P07-03

Open Source Program Github and Its Application in Drug Discovery

Kiyoshi HASEGAWA *, Yuya SEKI, Yu LIU, Yukiyo ITO

Division of Informatics Promotion, TECHNOPRO R&D company
( * E-mail: Hasegawa.Kiyoshi@technopro.com )

GitHub is an open-source program aimed at validating the paper and further improving its algorithm when researchers have submitted to journal. It was recently recognized that Github programs are useful tools in drug discovery toward pre-clininal phase. For example, in cheminformatics, this includes generating compound structures within proteins and predicting the activity and physical properties of compounds with chemical interpretations. By combining these two approaches, it is possible to obtain new chemical structures with improved compound profiles. In bioinformatics, this includes single-cell analysis and cell differentiation analysis with time series. Additionally, it encompasses the generation of sequences for active antibodies and peptides. 

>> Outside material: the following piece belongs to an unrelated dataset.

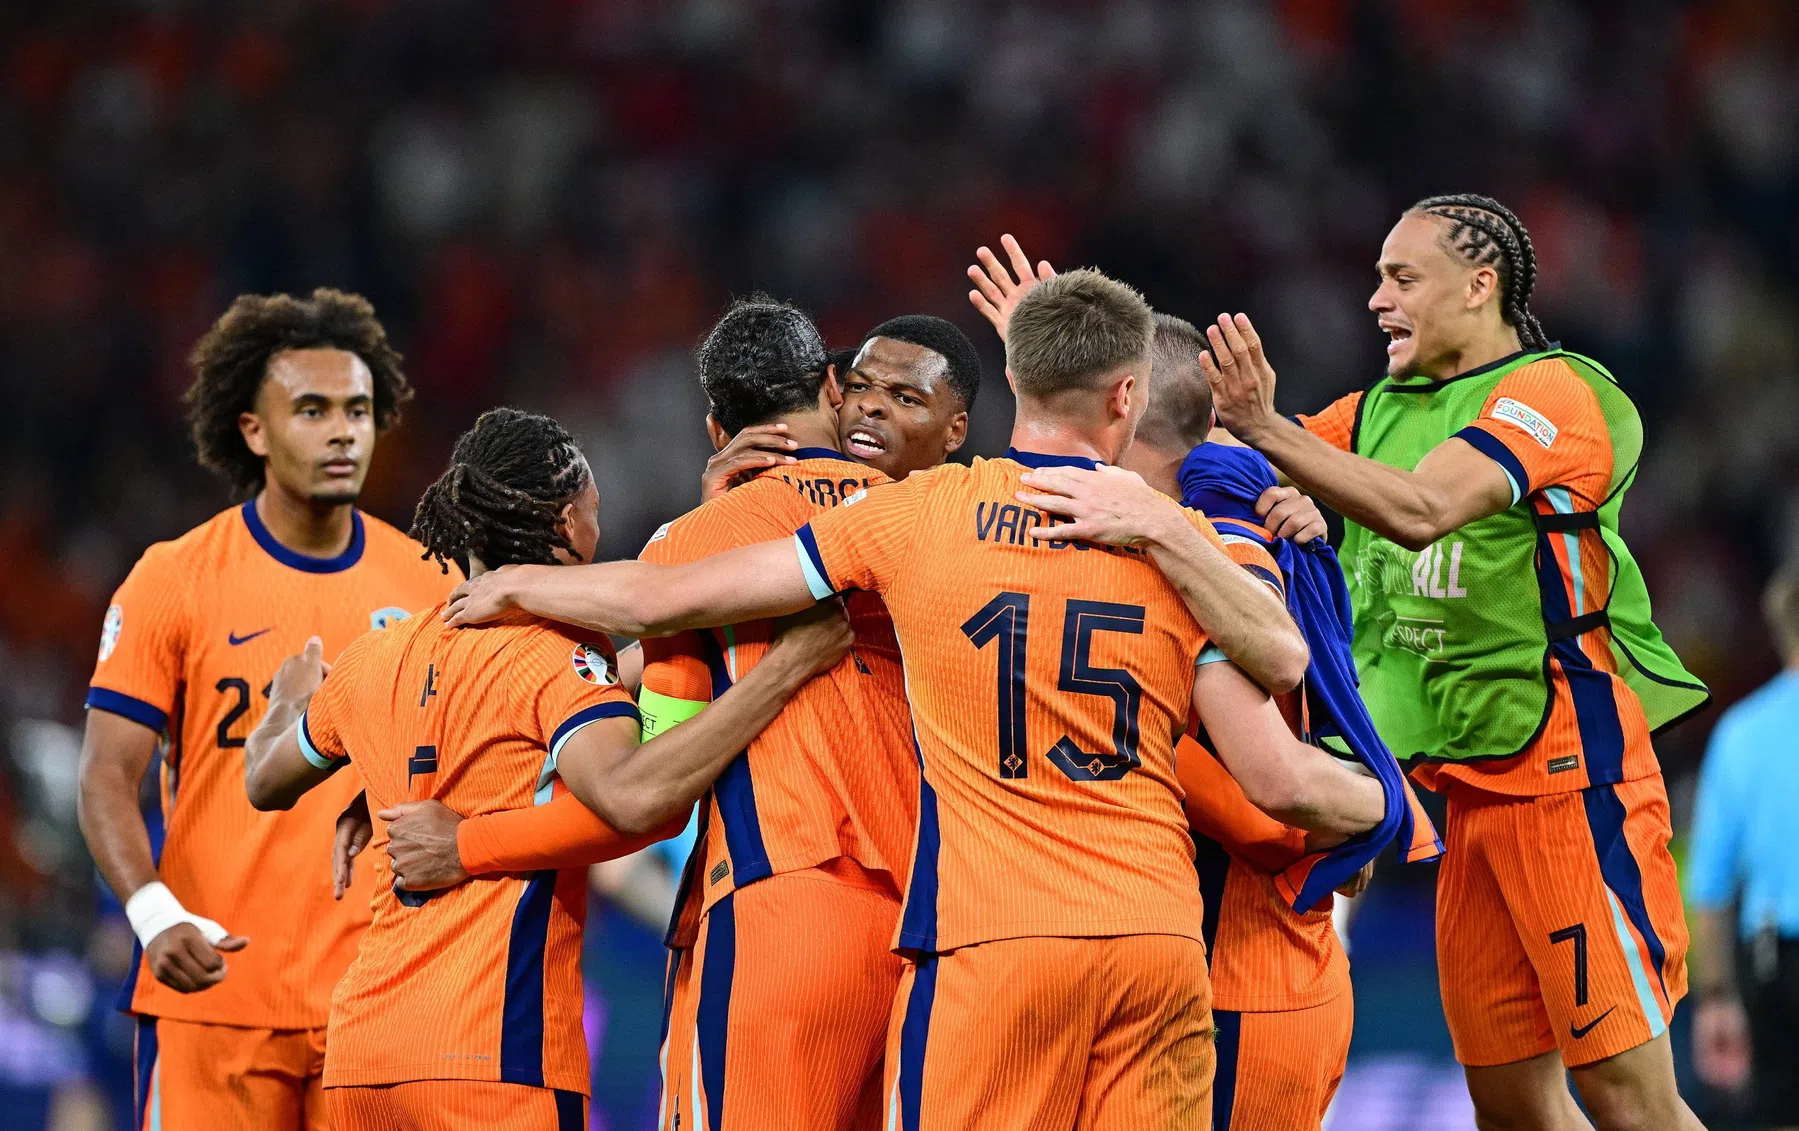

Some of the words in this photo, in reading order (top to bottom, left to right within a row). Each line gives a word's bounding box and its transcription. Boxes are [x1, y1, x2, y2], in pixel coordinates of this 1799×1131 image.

We focus on the optimization phase to customize MMP (matched molecular pairs), machine learning and chemical generator tools in cheminformatics field. First of all, all possible MMP transformation rules are extracted from RDKit and Pandas libraries. Then, each MMP transformation is validated on two aspects. One is how to fit the prediction values from chemical graph convolution model to the observed values. DeepChem library is used for building chemical graph convolution model. Second is whether the shaded colors derived the attention values on chemical structure is matched to SAR (structure-activity relationships) and chemist’s intuitions. The attention values are calculated from the graph convolution weights and the contributions of chemical fragments to activities. Third, if above two criteria would be passed, the remaining MMP transformations are processed to chemical generator framework. Keeping the core structure, MMP transformations are used to generate possible chemical libraries. 

This optimization strategy will be applied to other ADME properties other than hERG inhibition data. Also, this strategy is further extended to multi-optimization solutions when the MMP transformations from possible ADME properties would be prepared in advance.